Introduction: This lab has been split into 2 major parts:

1. Analysis of simulated data
2. Experimental measurement of a thin turbid sample

Analysis of Simulated Data

A) How to use the GUI:

a) To launch the GUI interface used for this portion of the lab, locate the “IAD_simulated_data_GUI.m” in the “IAD lab” folder on the desktop. When Matlab opens, run this file from the editor window. The GUI should appear in a separate window.

b) Load Sample Data Sets:

• Click “tissue types” in the upper left hand corner to select the desired tissue data (Liver.mat or White_Matter.mat). These two tissues were selected for this study, given their contrasting optical properties. Namely, liver tissue exhibits relatively high absorption and low scattering properties, whereas brain white matter is characterized by low absorption and high scattering.

1) Run through this sensitivity analysis procedure (including sections B and C) with both tissue types.

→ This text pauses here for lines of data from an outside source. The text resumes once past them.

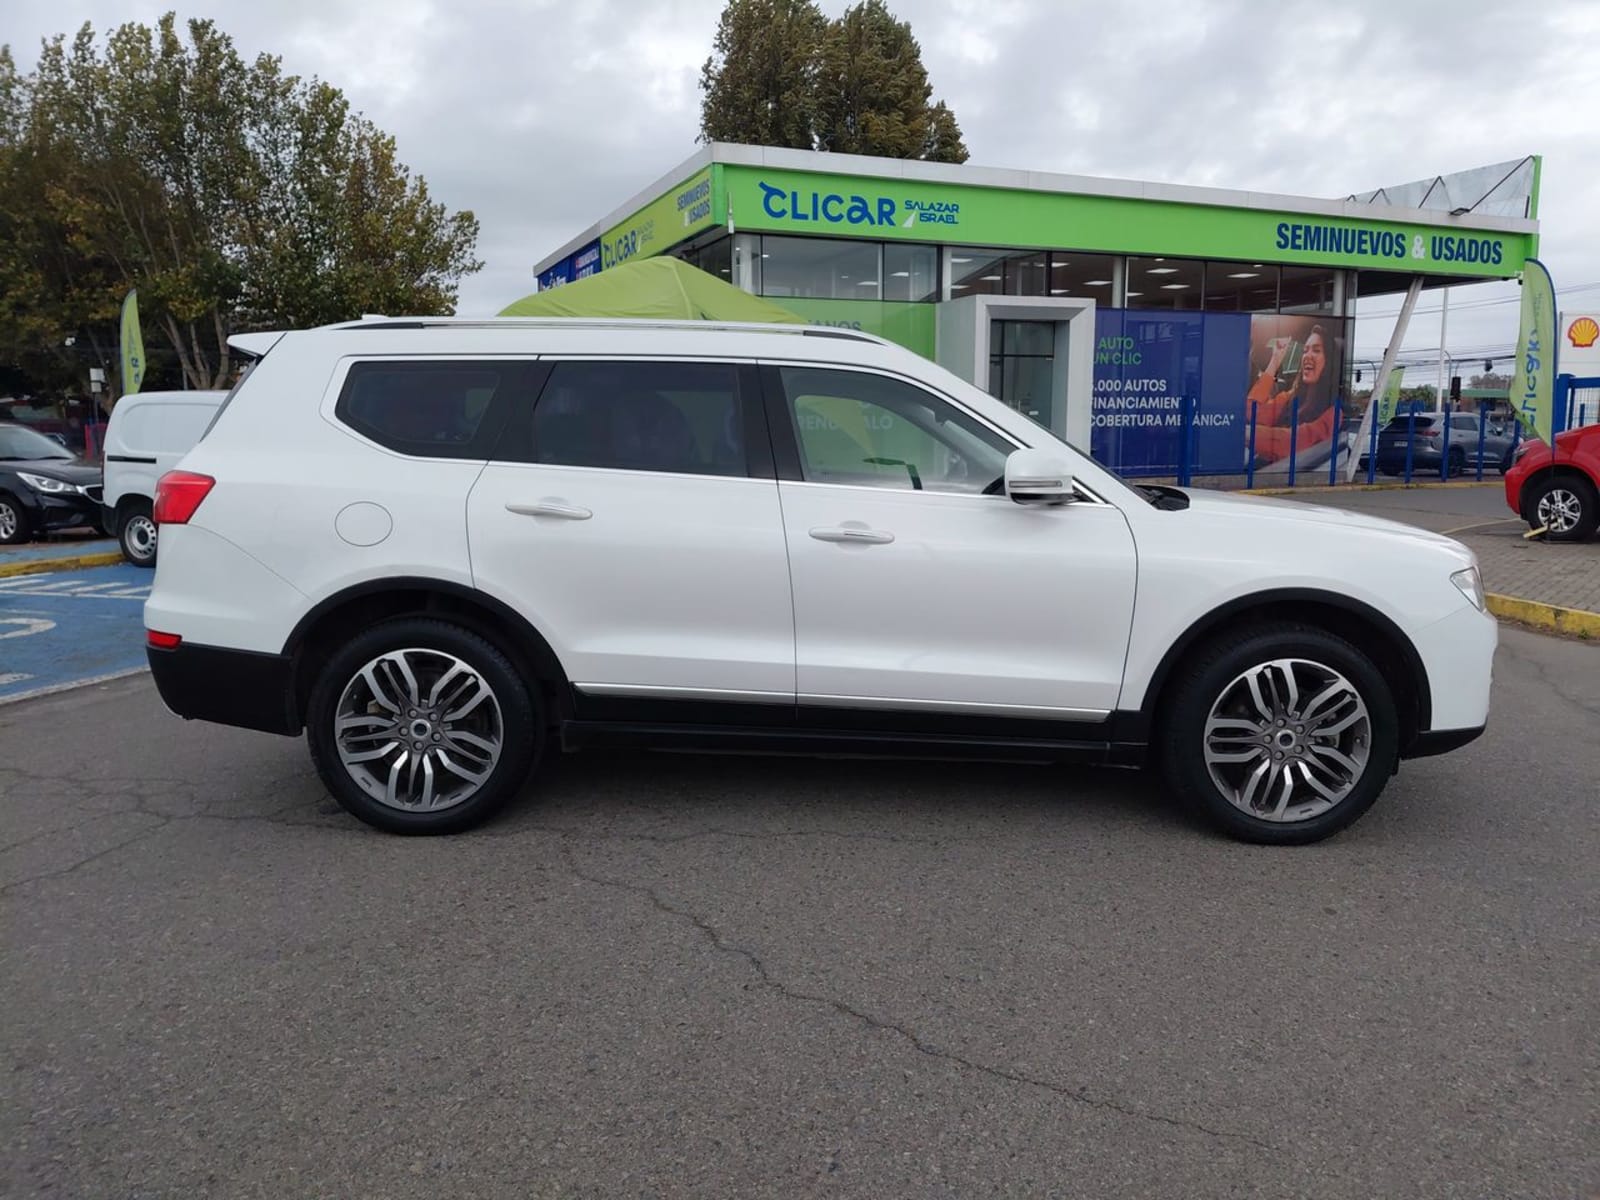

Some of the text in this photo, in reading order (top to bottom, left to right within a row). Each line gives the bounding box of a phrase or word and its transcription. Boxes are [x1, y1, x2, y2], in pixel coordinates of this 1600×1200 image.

[904, 200, 960, 213] SALAZAR
[919, 212, 960, 225] ISRAEL
[1276, 222, 1502, 265] SEMINUEVOS & USADOS
[1098, 336, 1135, 350] AUTO
[1112, 352, 1142, 366] CLIC
[1091, 379, 1167, 392] .000 AUTOS
[1164, 411, 1235, 427] MEÁNICA
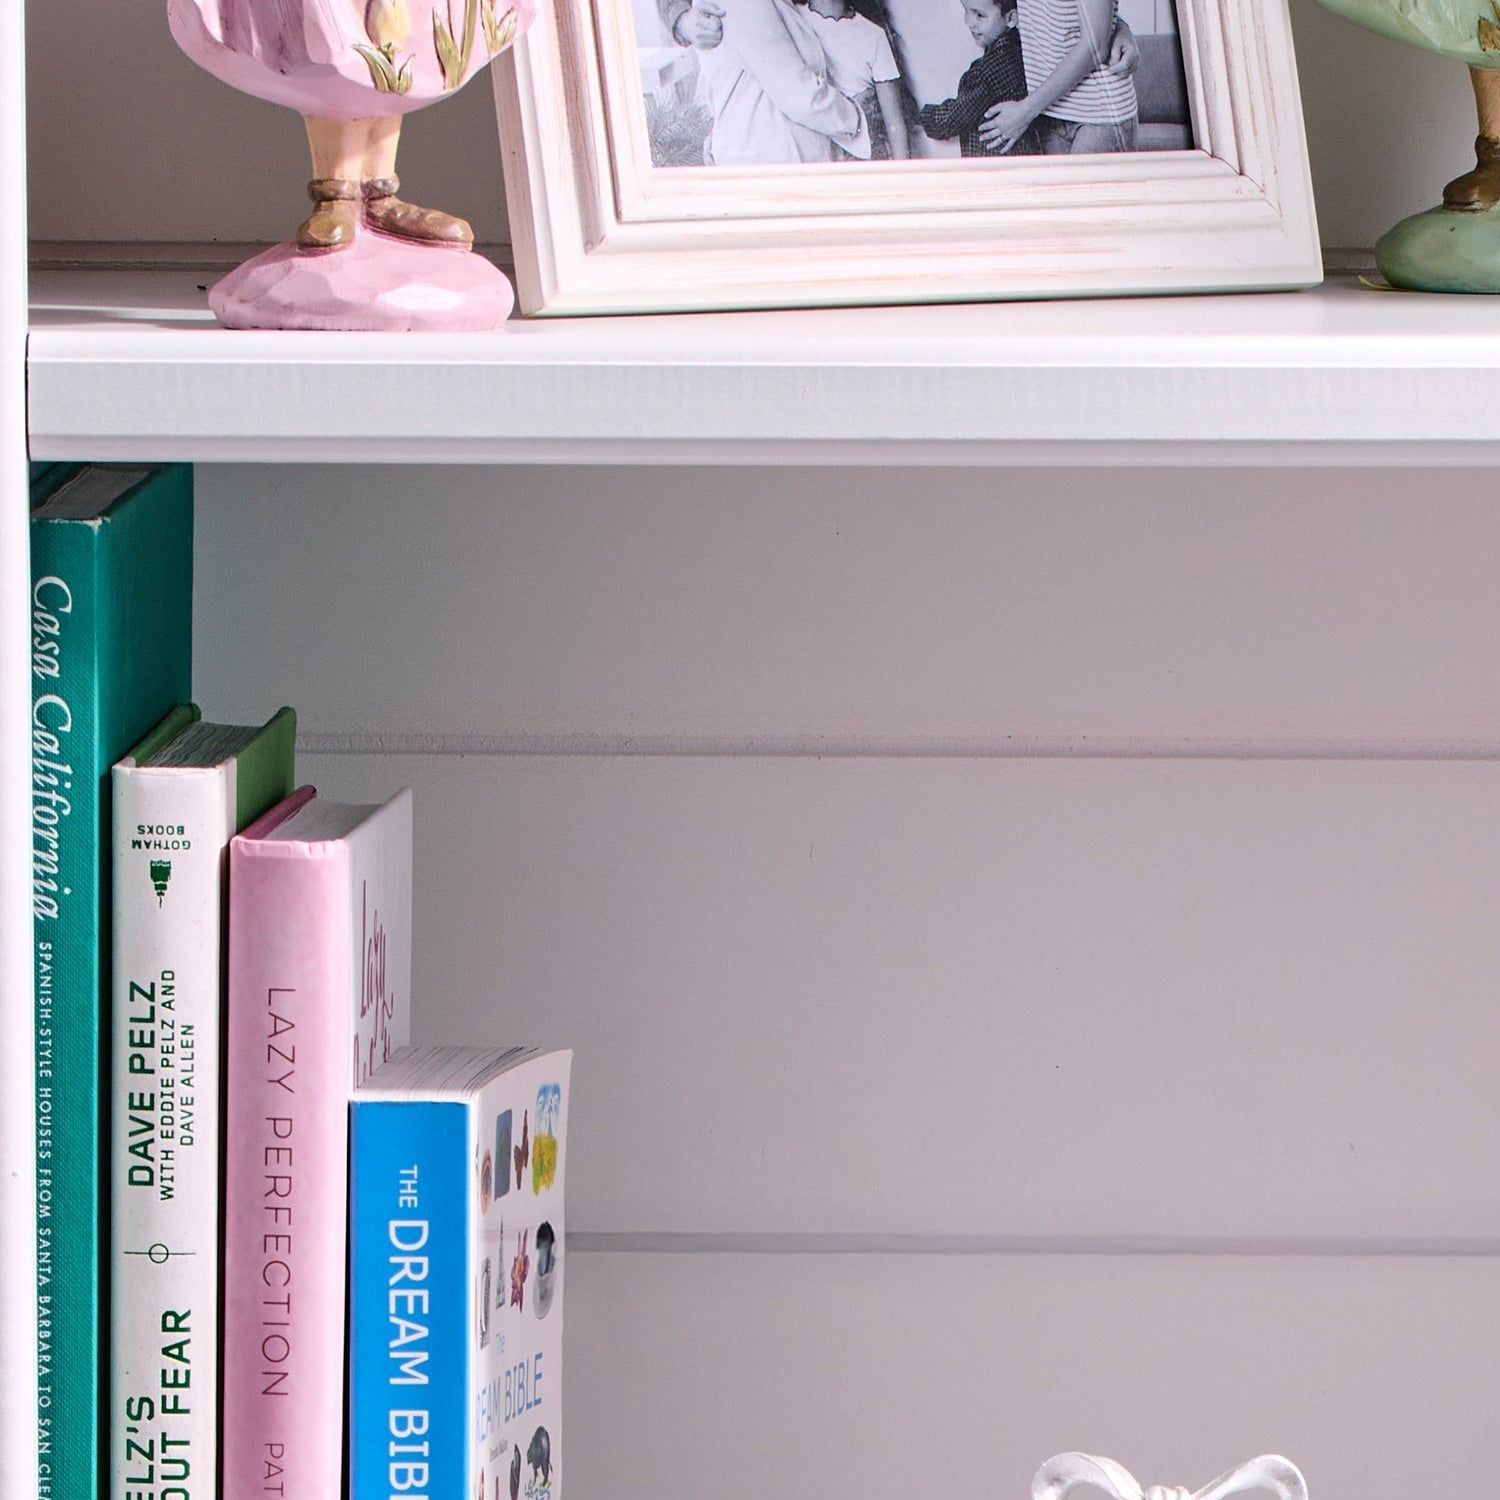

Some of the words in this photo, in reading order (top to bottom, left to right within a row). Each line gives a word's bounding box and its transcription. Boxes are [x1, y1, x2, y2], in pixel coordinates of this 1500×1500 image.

[34, 576, 73, 680] Casa
[33, 694, 73, 920] California
[137, 824, 186, 836] BOOKS
[131, 839, 192, 850] GOTHAM
[38, 942, 52, 1077] SPANISH-STYLE
[161, 969, 175, 1010] AND
[129, 980, 155, 1075] PELZ
[161, 1018, 175, 1068] PELZ
[181, 1023, 195, 1088] ALLEN
[267, 987, 296, 1093] LAZY
[38, 1087, 52, 1159] HOUSES
[128, 1091, 155, 1187] DAVE
[160, 1078, 175, 1140] EDDIE
[180, 1096, 195, 1146] DAVE
[38, 1168, 52, 1218] FROM
[160, 1150, 175, 1201] WITH
[399, 1164, 418, 1208] THE
[38, 1227, 52, 1286] SANTA
[261, 1116, 293, 1397] PERFECTION
[388, 1219, 429, 1385] DREAM
[38, 1295, 52, 1376] BARBARA
[161, 1308, 191, 1415] FEAR
[38, 1385, 52, 1408] TO
[504, 1352, 544, 1424] BIBLE
[38, 1417, 52, 1454] SAN

• Once the desired tissue is selected, Click the “load” button. The simulated Reflectance (Blue or Cyan) and Transmittance (Red or Magenta) spectra will appear in the figure immediately to the right of this panel.

c) Input Parameters

• In the panel below Load Sample Data Sets, the requisite sample input parameters are listed. For these exercises, all simulated data were generated with the following properties:

1) Sample thickness (physical thickness): 1mm

2) Index of refraction of the sample: 1.4

3) Scattering anisotropy (g): 0.8

d) Running the Inverse Adding-Doubling solver

• The “Calculate” button will submit the reflectance and transmittance spectra along with the input parameters into the IAD executable developed by Scott Prahl. Since this part of the lab uses simulated data, all the experimental considerations integrated in this executable have been disabled (which is not the case for the second part of this lab).
• This code will take a few seconds to run, but once completed:

1) The calculated absorption and reduced scattering coefficients will be plotted in the two figures below the Reflectance and Transmittance plot.

2) The error (% difference from ideal measurement as a function of wavelength) will be plotted in the top right figures. Using the correct input parameters will produce a 0% error, obviously.

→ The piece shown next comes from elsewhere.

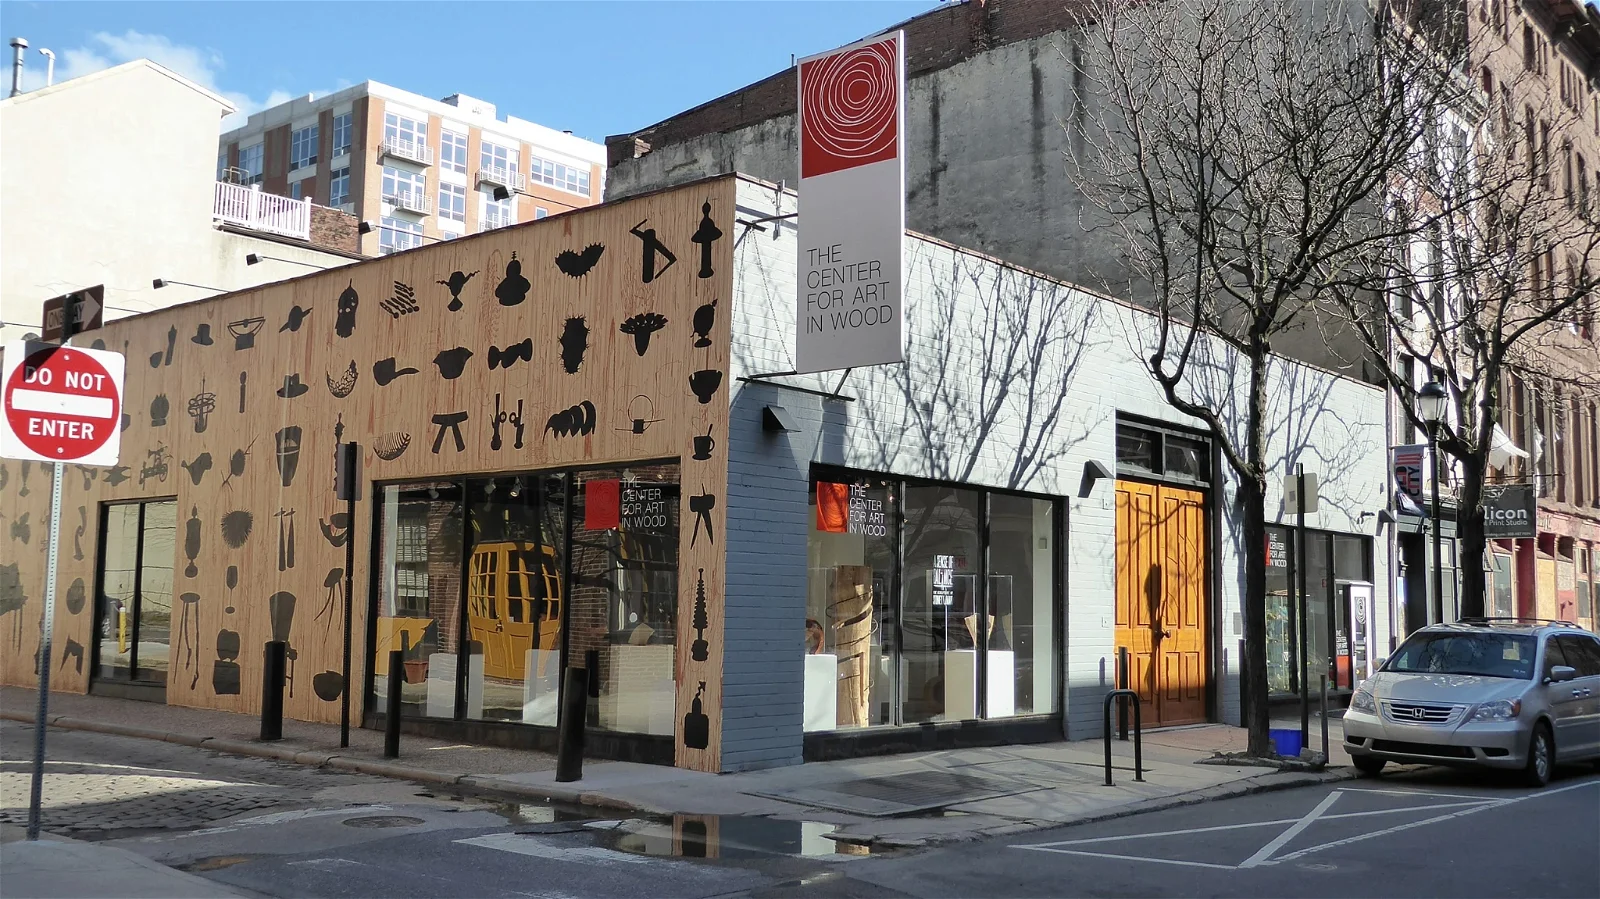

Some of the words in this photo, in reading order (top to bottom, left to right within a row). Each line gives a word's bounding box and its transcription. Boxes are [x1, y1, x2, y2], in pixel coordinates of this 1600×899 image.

e) Fitting Absorption Spectrum to determine Chromophore Concentration

• Clicking the “Fit” button in the lower right panel will perform a Linear Least-Squares operation, fitting the calculated absorption spectrum to the spectral response from oxy- (HbO2) and deoxy- (Hb), water (H2O), and Lipids. The expected values represent the concentrations of these 4 chromophores used to generated this simulated dataset.
• Even under idealized conditions such as these, the fits for these chromophores are not exact even though the model used here is an exact solution to the RTE. Can you speculate why?
• While the top figure in this panel shows the calculated absorption spectrum and the scaled basis spectra for the 4 chomophores as determined by the least-squares fit, the bottom figure shows the residual from this fit. The single value for the “Mean Residual” is the Sum of Residuals-Squared, divided by the number of data points in the spectrum.

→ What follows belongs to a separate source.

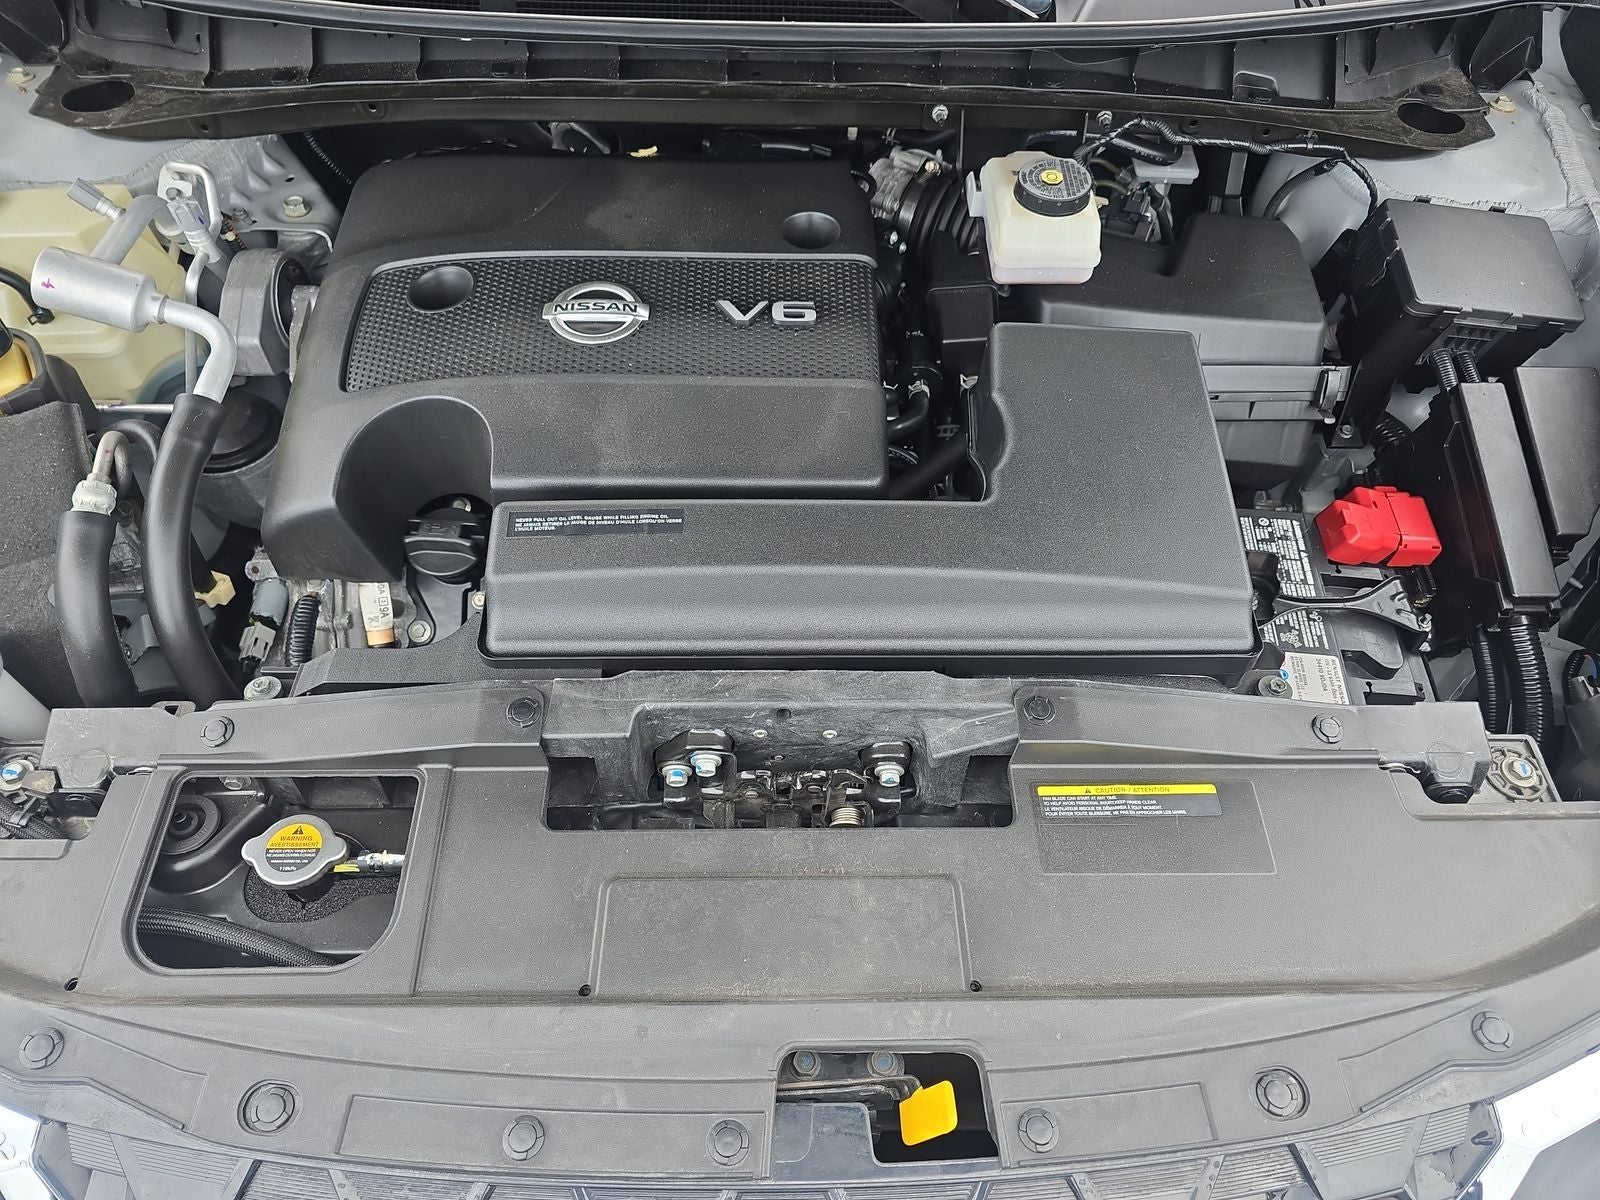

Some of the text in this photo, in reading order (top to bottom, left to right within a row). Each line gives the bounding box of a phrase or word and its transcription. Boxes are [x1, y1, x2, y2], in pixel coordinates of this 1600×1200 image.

[554, 302, 639, 313] NISSAN
[717, 299, 817, 326] V6
[379, 607, 390, 619] 9A

f) Additional GUI features

• “Clear” buttons will clear the data from the adjacent figures
• “Reset” will clear all data loaded and plotted in the GUI
• “Add Noise” panel will be described later in “Effects of Measurement Noise” (section C)

B) Dependence (precision) of input parameters on the determination of Optical Properties and Chromophore concentration

1) Anisotropy: Tissue is typically described as having values of 0.7-0.99. It has also been documented that this value can slowly change as a function of wavelength over a large spectral range. However, when inverse solvers are used, a single invariant value for g is typically assumed and it is rarely measured directly from tissue.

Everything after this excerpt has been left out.